Banks use a wide range of fraud detection techniques, employing both human judgment and sophisticated data modeling, in their credit card and other lending areas. Some systems distill expert knowledge into a set of rules that can be applied to each transaction ("rules-based systems"). HNC Software's Falcon uses neural-network techniques to build models of complex transaction patterns such as consumer credit card fraud. The models are "trained" to recognize patterns through an iterative process in which large numbers of transactions are passed through a neural network algorithm. Once training is complete, the neural network uses these learned patterns to predict the probability that a new individual will exhibit the modeled transaction patterns. On the day of the attacks in New York and Washington, HNC released a version of its Falcon fraud detection system designed specifically for money laundering.

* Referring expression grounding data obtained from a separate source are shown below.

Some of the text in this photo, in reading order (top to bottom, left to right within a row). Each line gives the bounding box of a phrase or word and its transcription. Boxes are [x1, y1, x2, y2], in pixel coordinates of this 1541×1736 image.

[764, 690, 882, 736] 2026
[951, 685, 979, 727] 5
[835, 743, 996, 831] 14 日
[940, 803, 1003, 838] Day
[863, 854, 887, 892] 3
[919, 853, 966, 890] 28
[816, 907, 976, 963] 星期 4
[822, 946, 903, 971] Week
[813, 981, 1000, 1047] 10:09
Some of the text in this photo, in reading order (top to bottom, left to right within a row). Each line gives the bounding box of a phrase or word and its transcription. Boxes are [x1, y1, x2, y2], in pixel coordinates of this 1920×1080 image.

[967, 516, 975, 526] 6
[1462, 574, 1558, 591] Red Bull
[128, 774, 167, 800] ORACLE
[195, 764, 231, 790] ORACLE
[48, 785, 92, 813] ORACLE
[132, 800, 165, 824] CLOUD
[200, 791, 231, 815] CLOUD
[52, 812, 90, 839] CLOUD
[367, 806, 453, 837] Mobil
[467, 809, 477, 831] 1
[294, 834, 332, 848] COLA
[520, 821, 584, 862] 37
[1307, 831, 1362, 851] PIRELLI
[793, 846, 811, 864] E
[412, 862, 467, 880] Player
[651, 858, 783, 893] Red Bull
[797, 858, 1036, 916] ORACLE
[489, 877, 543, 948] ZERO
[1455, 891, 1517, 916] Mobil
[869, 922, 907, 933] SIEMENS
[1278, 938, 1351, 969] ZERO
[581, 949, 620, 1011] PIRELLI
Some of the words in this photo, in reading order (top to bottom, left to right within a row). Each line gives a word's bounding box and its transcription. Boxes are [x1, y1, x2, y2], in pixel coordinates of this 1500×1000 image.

"Neural network solutions, especially those incorporating rules-based engines, offer financial institutions a very powerful tool to understand customer behavior and differentiate between legitimate and potentially criminal activity," said Breffni McGuire, senior analyst at TowerGroup.

In addition to detecting fraud, predictive software solutions play a key role in other business functions. For example, within a customer relationship management (CRM) system, predictive software analyzes customer data and other information to predict what the customer will do today and in the future. ERP systems provide transaction level data that can be analyzed by predictive software solutions to optimize inventory management and enhance supply chain logistics. When predictive software is embedded in a real-time transaction stream, it can yield intelligence enabling companies to adopt business strategies to ensure maximum customer profitability.

Yet the effectiveness of predictive software in fraud detection or other applications has been limited by access to data. "Extracting transaction level data and analyzing it in real time is difficult," said Eckenrode. In the United States, he noted, heavy reliance on paper checks has hindered banks' conversion to real-time core systems. "Certain segments of the business like credit cards can do that, but branch level activity is going to be difficult."

Data is the key ingredient in risk management systems, which by definition attempt to predict the likelihood of unforeseen events, such as a sharp drop in securities prices (market risk), a loan default (credit risk), or natural and man-made disasters (operational risk).

Market and credit risk systems are blessed with rich sources of data, and hence are fairly robust. But operational risk is harder to quantify. Cases of rogue employees taking down firms, such as Nick Leeson at Barings Bank, or of major systems being compromised are rare and seldom publicized. "It's hard to define a statistically significant populace of fraud or the sorts of debacles that could bring down firms," said Peter Keppler, a research analyst at Meridien Research.

Fundamental to the art of risk management is stress testing--exposing portfolios to the worst scenarios imaginable and observing the results. The events of Sept. 11 provide a benchmark against which all scenarios will be measured. "Unfortunately, what this will give us is another scenario for stress testing," said Keppler. "Pick the worst scenario you can think of and make it three times worse."